In 1938 Rowley was appointed a lecturer at Sydney Teachers’ College. On 17 February 1942 he joined the Citizen Military Forces and was commissioned in the Australian Imperial Force on 23 July. An officer in the army education scheme (Australian Army Education Service from October 1943), New Guinea Force, he rose to lieutenant colonel and was mentioned in despatches. His AIF appointment terminated on 15 January 1946. Three decades later, while working in Papua New Guinea, he recalled climbing a hill above Port Moresby in 1942 with educational material for soldiers in a machine-gun pit as they awaited likely Japanese invaders.
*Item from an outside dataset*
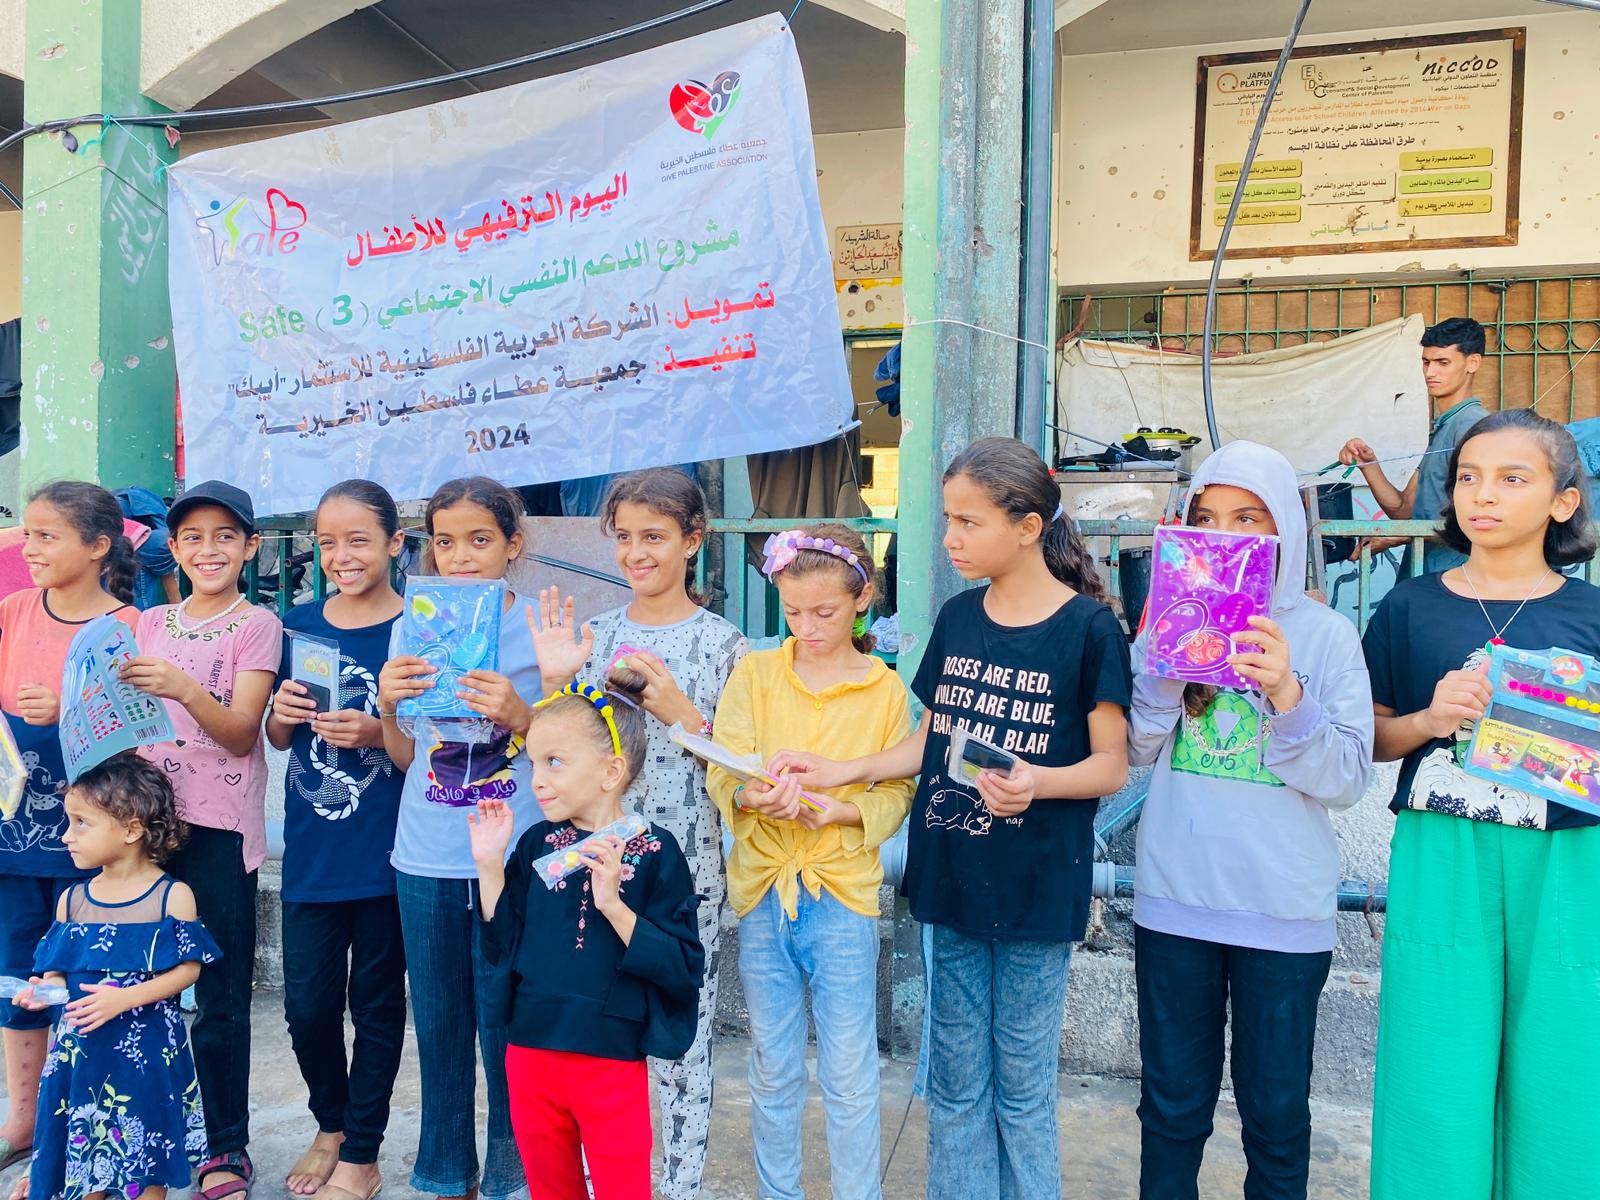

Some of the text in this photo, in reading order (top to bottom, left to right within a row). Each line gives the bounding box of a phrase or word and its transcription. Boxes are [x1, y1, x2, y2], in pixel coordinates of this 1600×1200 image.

After holding senior positions in 1946-49 at the Australian Universities Commission, Rowley moved in 1949 to the Commonwealth Office of Education. In 1950-64 he was principal of the Australian School of Pacific Administration at Mosman, Sydney, a place of applied scholarship for apprenticed or fully-fledged administrators in the Territory of Papua and New Guinea. As the politicians were permanently uncertain about the nature of ASOPA, Rowley remained temporary principal for fourteen years.
Rowley’s own thinking about the Territory went into two books. The Australians in German New Guinea 1914-1921 (1958) was a critique of Australians’ behaviour as trustees for the League of Nations; The New Guinea Villager (1965) was the first study of the combined territories of Papua and New Guinea to put at its centre not the colonisers but the people colonised. In plain language, he drew on history, anthropology and political science, and years of discussion at ASOPA, to portray the subjects, to ask perceptive questions about the motives and performance of their Australian custodians, and to speculate constructively about future mixtures of modernity and tradition. Another fruit of the ASOPA years was The Lotus and the Dynamo: A Traveller in Changing South-East Asia (1960), written after visits to six countries in that region as a United Nations Educational Scientific and Cultural Organization adviser on adult and workers’ education.
In 1957 the Commonwealth Department of Territories extended ASOPA’s brief to include the training of officials in the Northern Territory. Rowley visited the United States of America and Canada in 1959 to study policies towards Indians, Eskimos and Hawaiians. He was impressed with the USA’s Indian Reorganization Act of 1934 that, as he learned, 'made possible the vesting in Indian corporations of the tribal reserves'. His first publication on Aboriginal policy was 'Aborigines and Other Australians', in Oceania (June 1962); he proposed the establishment of corporate Aboriginal bodies with which White Australians could negotiate about land.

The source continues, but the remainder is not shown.